◆ WORK INSTRUCTION ◆
Return every entry below word for word and leave out any picture.

*** MATERIAL SUPPLIED ***

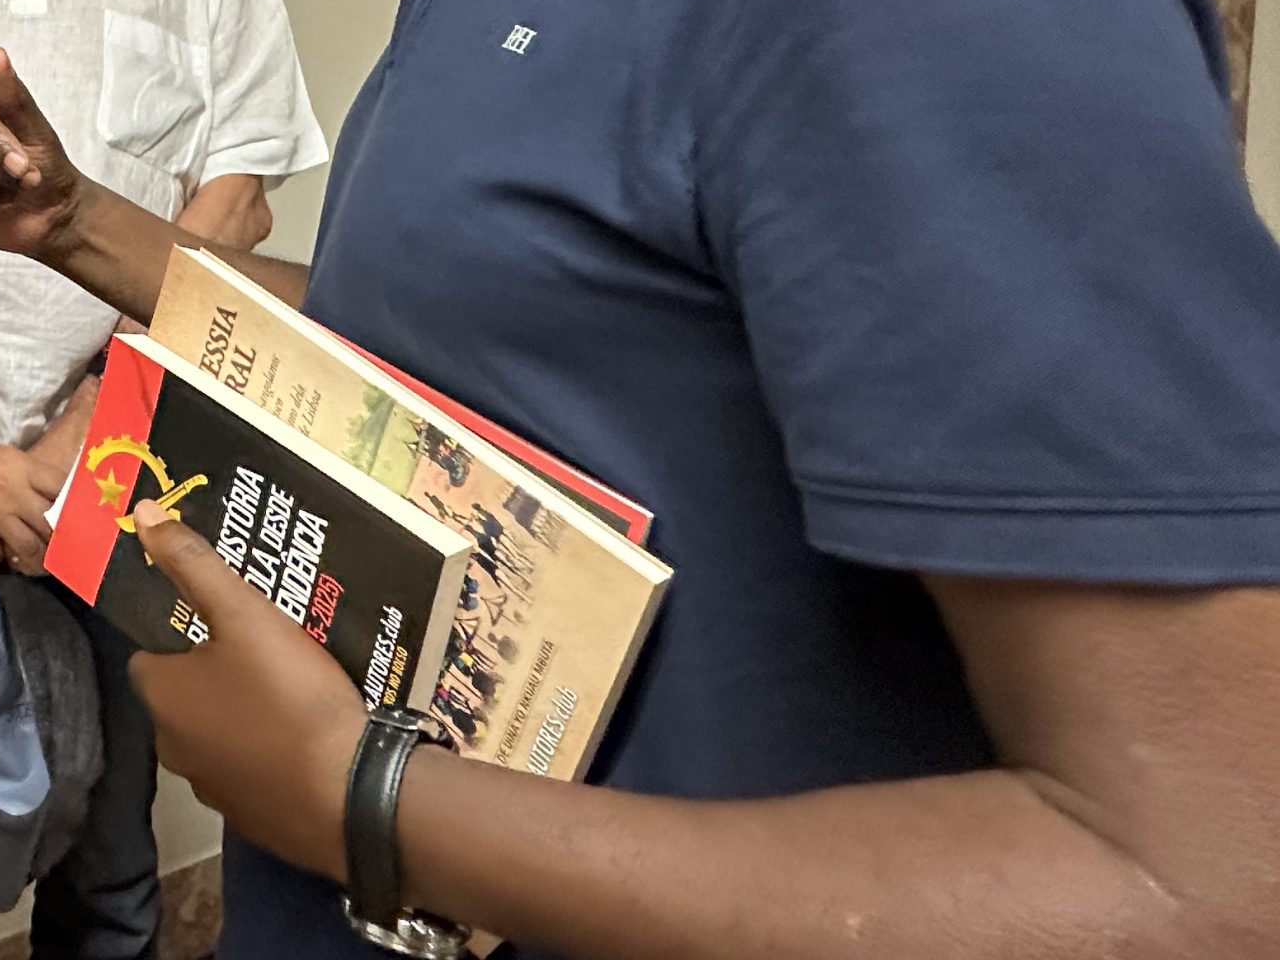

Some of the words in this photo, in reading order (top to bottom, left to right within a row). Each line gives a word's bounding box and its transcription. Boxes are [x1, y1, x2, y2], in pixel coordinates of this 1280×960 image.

[302, 389, 322, 427] Lisboa
[259, 483, 296, 552] DESDE
[274, 509, 329, 626] ENDÊNCIA
[170, 598, 192, 634] RUI
[306, 573, 346, 644] 5-2025)
[391, 645, 408, 676] BOLSO
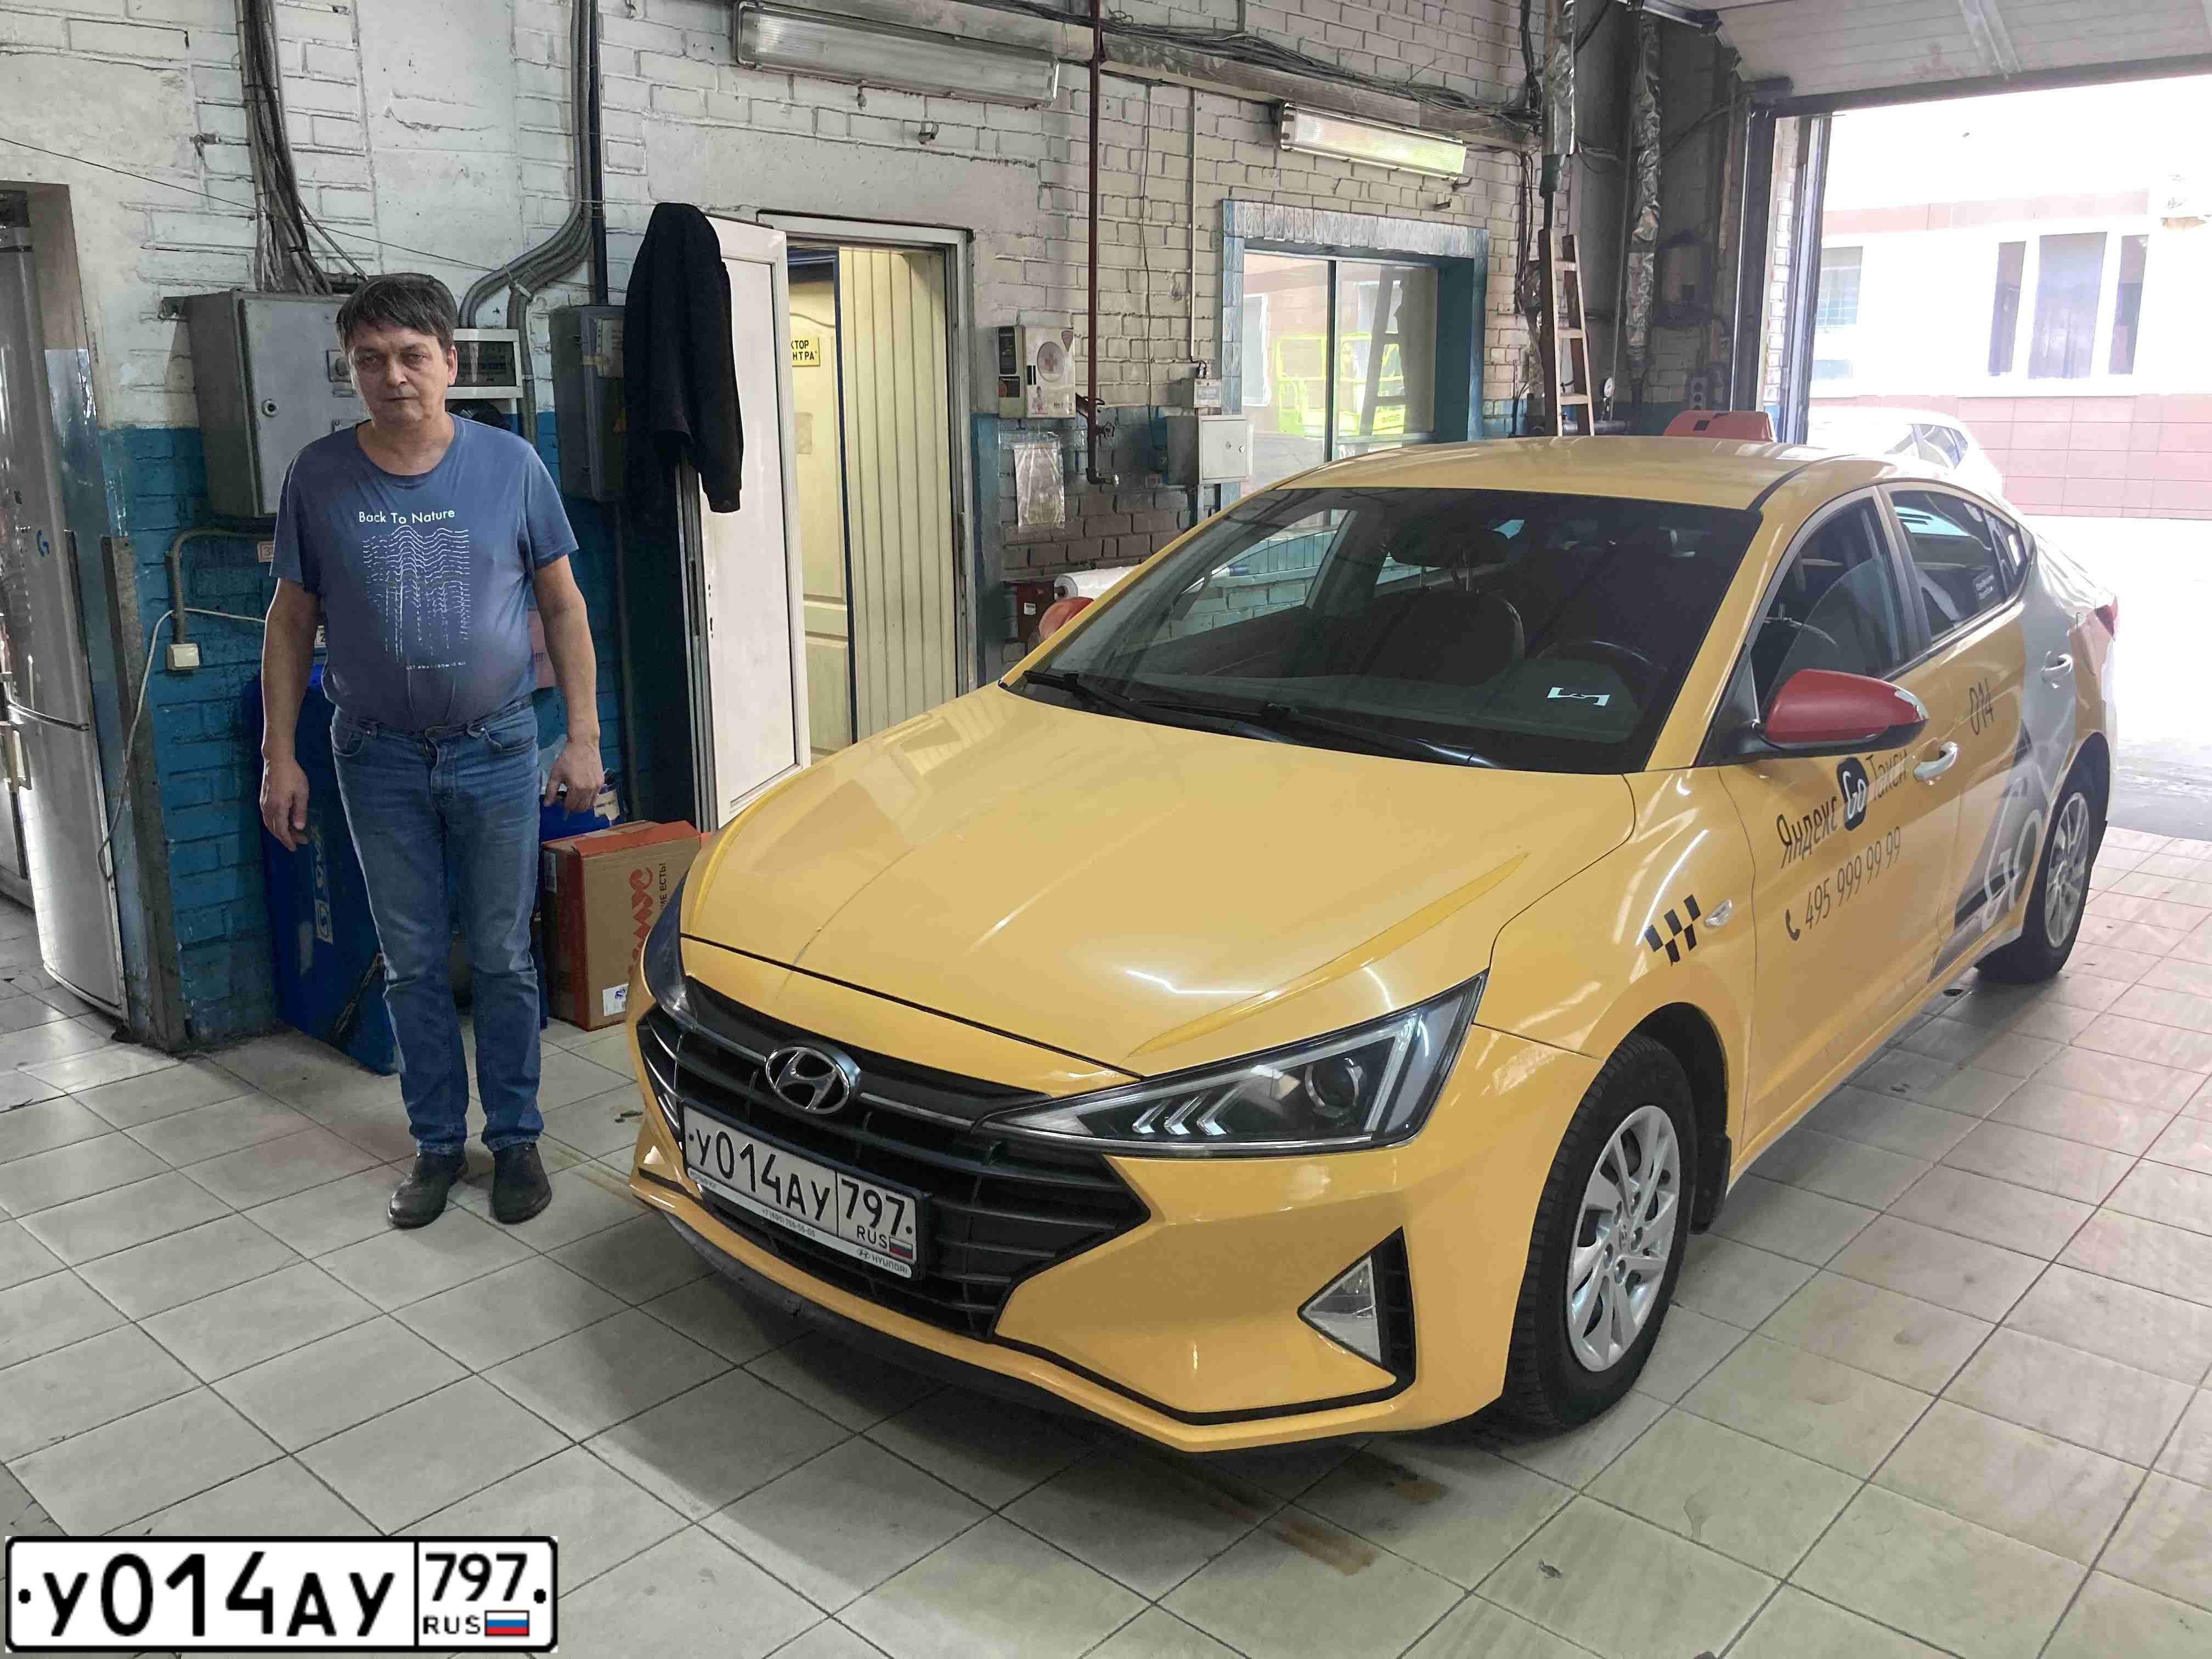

*** End of MATERIAL SUPPLIED ***

◆ SOLUTION FOR THIS EXERCISE ◆
Some of the words in this photo, in reading order (top to bottom, left to right within a row). Each line gives a word's bounding box and its transcription. Boxes are [x1, y1, x2, y2], in pixel coordinates of this 1280×960 image.

[302, 389, 322, 427] Lisboa
[259, 483, 296, 552] DESDE
[274, 509, 329, 626] ENDÊNCIA
[170, 598, 192, 634] RUI
[306, 573, 346, 644] 5-2025)
[391, 645, 408, 676] BOLSO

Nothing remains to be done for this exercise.